Fresh green leaves of Jatropha gossypifolia (Euphorbiaceae) were lethal for sheep in single administrations of 40g/kg. The dose of 5g/kg did not cause poisoning, but intermediate doses caused death in part of the animals. The clinical course of poisoning was 6 to 22 days. The clinic and pathological picture in the experimental sheep was characterized by digestive, lung and heart disturbances, and also by slight microscopic liver and renal regressive alterations.

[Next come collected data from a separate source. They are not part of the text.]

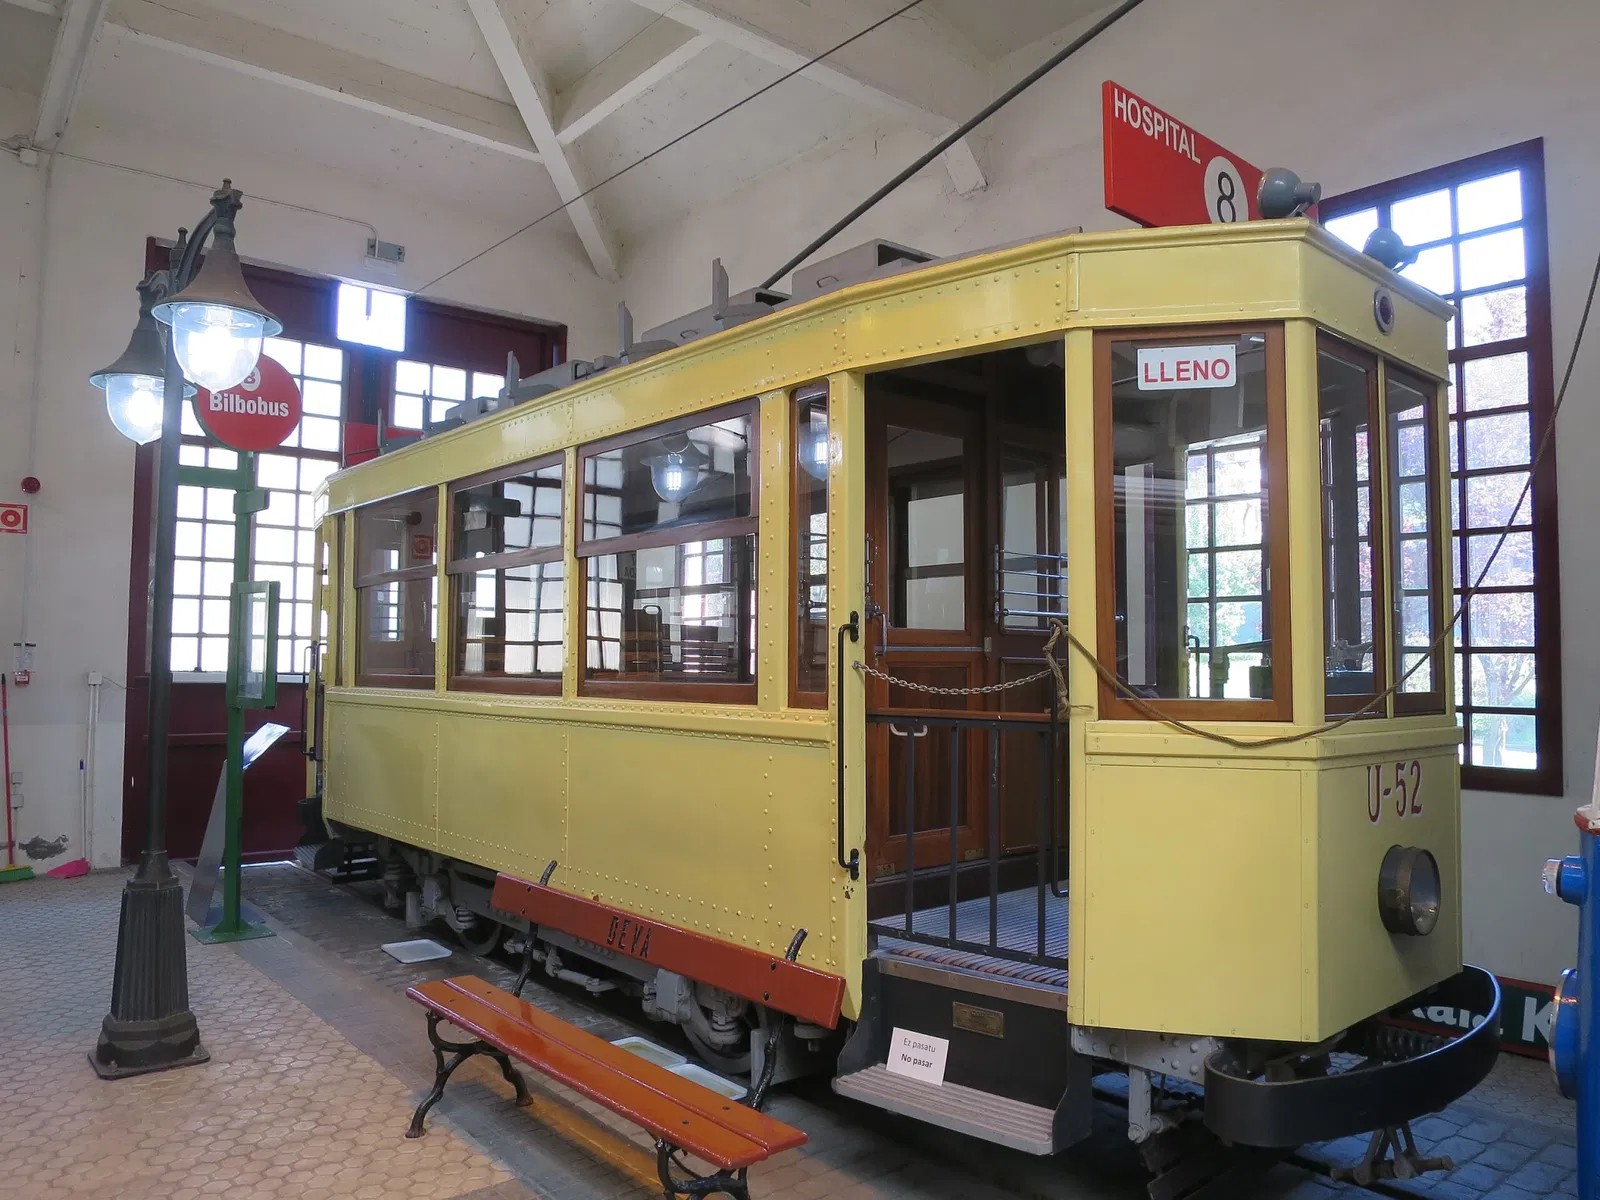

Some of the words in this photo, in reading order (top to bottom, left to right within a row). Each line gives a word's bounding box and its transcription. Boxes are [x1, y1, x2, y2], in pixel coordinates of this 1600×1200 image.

[1113, 87, 1202, 165] HOSPITAL
[1216, 171, 1237, 223] 8
[1143, 358, 1230, 383] LLENO
[209, 392, 290, 417] Bilbobus
[1366, 760, 1424, 824] U-52
[903, 1037, 911, 1047] Ez
[912, 1041, 936, 1053] pasatu
[901, 1053, 912, 1063] No
[912, 1058, 933, 1069] pasar

These findings are similar to those observed in experiments with the seeds of Jatropha curcas in goats, sheep and calves, and with the fruits and leaves of Jatropha glauca and Jatropha aceroides in goats, performed by other authors. A comparison indicates that, independently of the plant species, the leaves of Jatropha spp. contain toxic compounds similar to those found in the seeds.